What you will do
All records that follow are to be copied exactly, with images omitted.
══ Extracted information ══
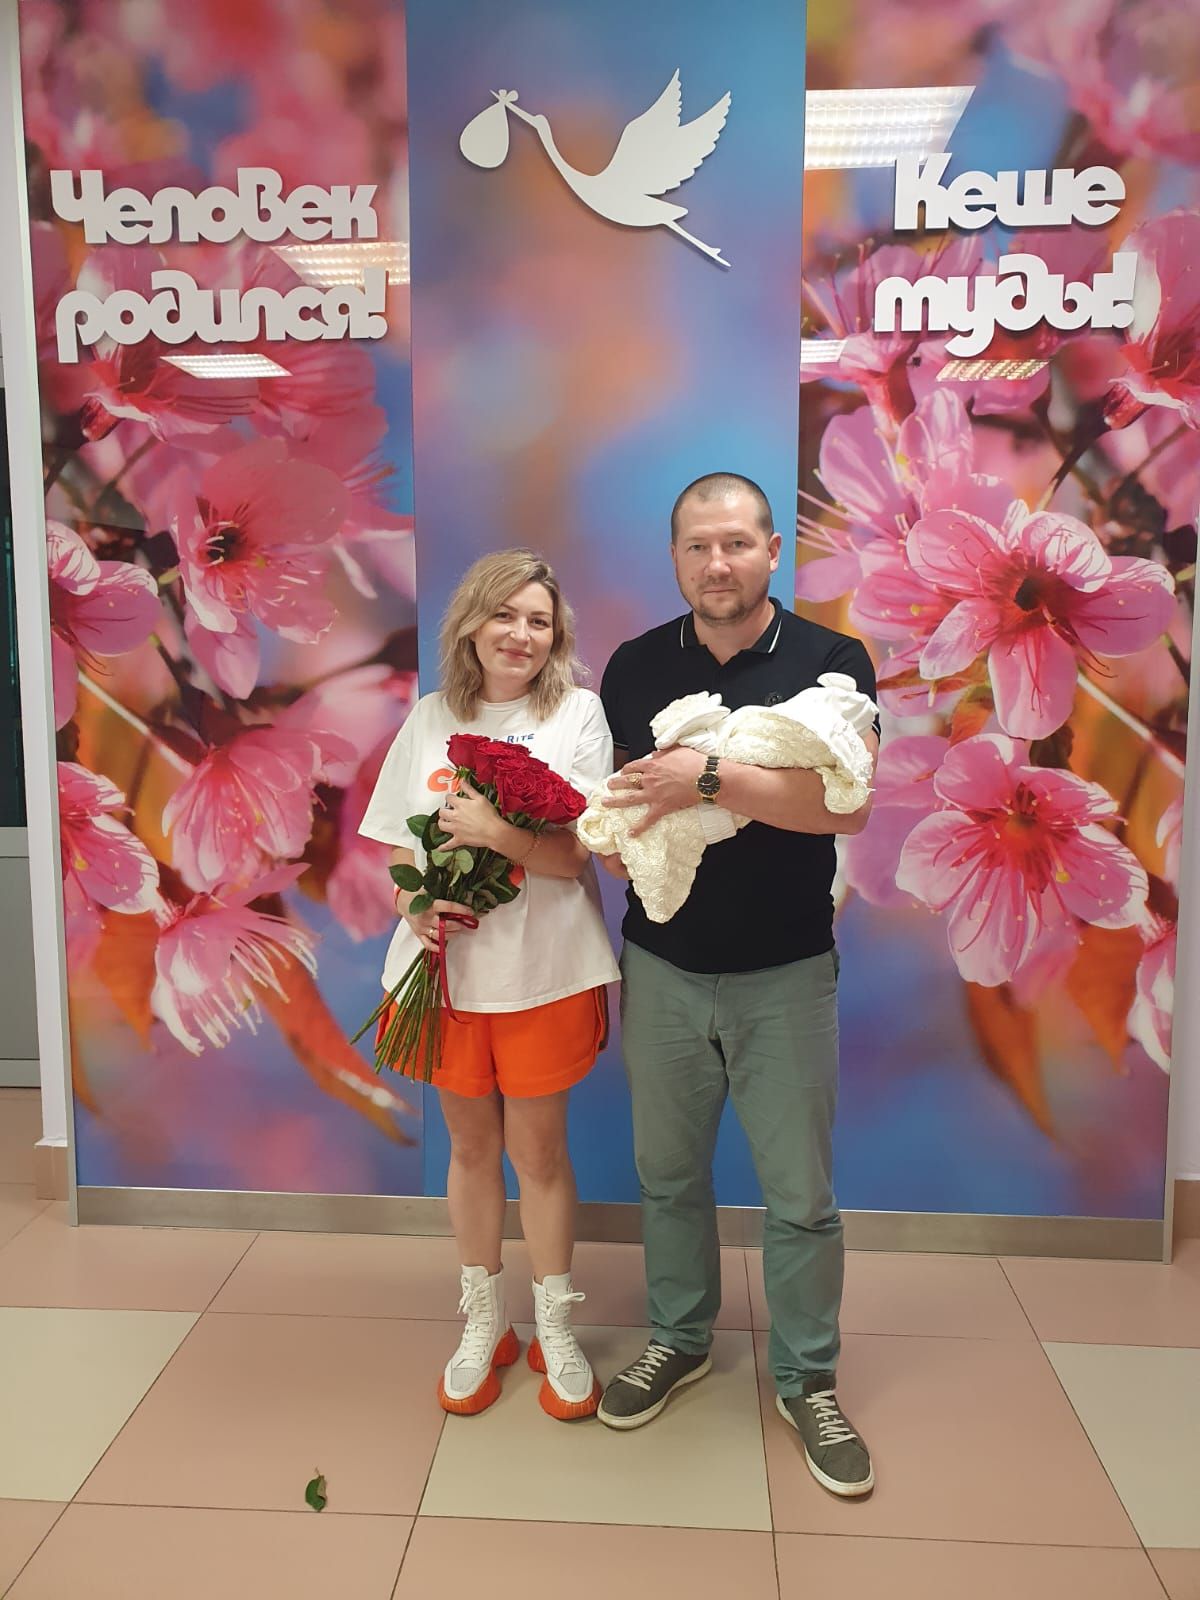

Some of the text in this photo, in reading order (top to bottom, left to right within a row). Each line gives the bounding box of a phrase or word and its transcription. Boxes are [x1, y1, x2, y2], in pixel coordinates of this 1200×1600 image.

[50, 168, 378, 243] Человек
[895, 152, 1126, 231] Кеше
[56, 268, 388, 362] родился!
[875, 252, 1138, 357] туды!
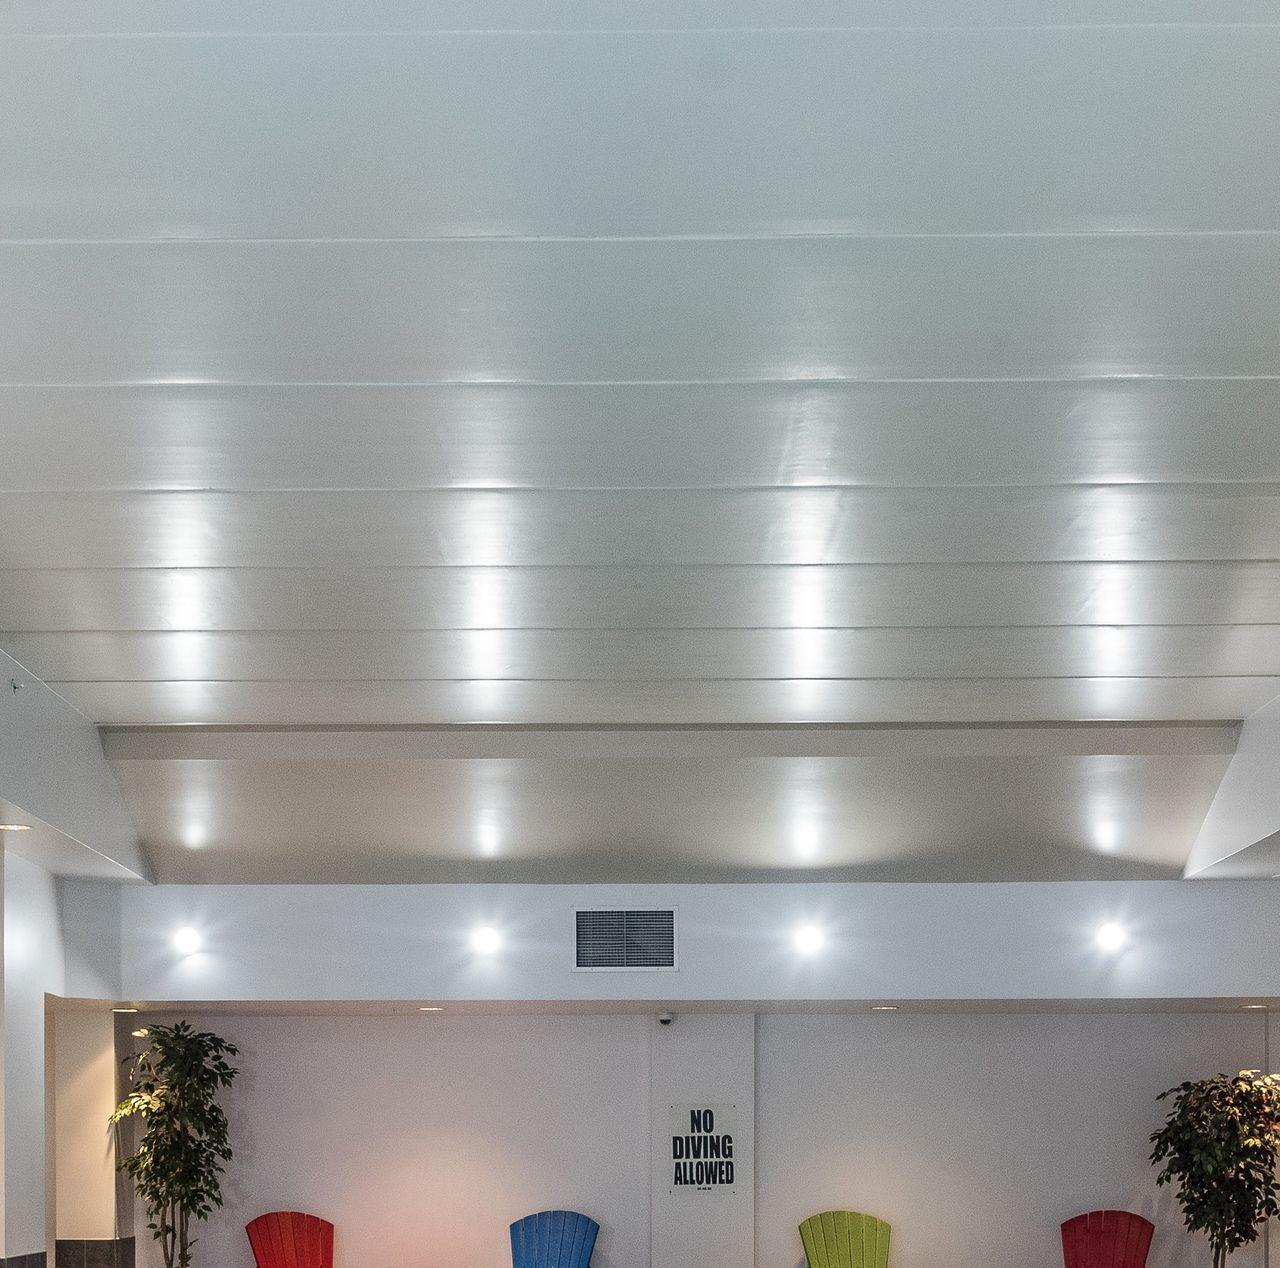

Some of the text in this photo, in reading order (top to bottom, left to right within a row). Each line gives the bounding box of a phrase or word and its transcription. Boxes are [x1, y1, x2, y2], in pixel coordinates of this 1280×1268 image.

[690, 1109, 714, 1133] NO
[672, 1135, 733, 1159] DIVING
[674, 1161, 734, 1185] ALLOWED
═══
Output of the task
Some of the text in this photo, in reading order (top to bottom, left to right within a row). Each line gives the bounding box of a phrase or word and its transcription. Boxes are [x1, y1, x2, y2], in pixel coordinates of this 1200×1600 image.

[50, 168, 378, 243] Человек
[895, 152, 1126, 231] Кеше
[56, 268, 388, 362] родился!
[875, 252, 1138, 357] туды!

Some of the text in this photo, in reading order (top to bottom, left to right within a row). Each line gives the bounding box of a phrase or word and its transcription. Boxes are [x1, y1, x2, y2], in pixel coordinates of this 1280×1268 image.

[690, 1109, 714, 1133] NO
[672, 1135, 733, 1159] DIVING
[674, 1161, 734, 1185] ALLOWED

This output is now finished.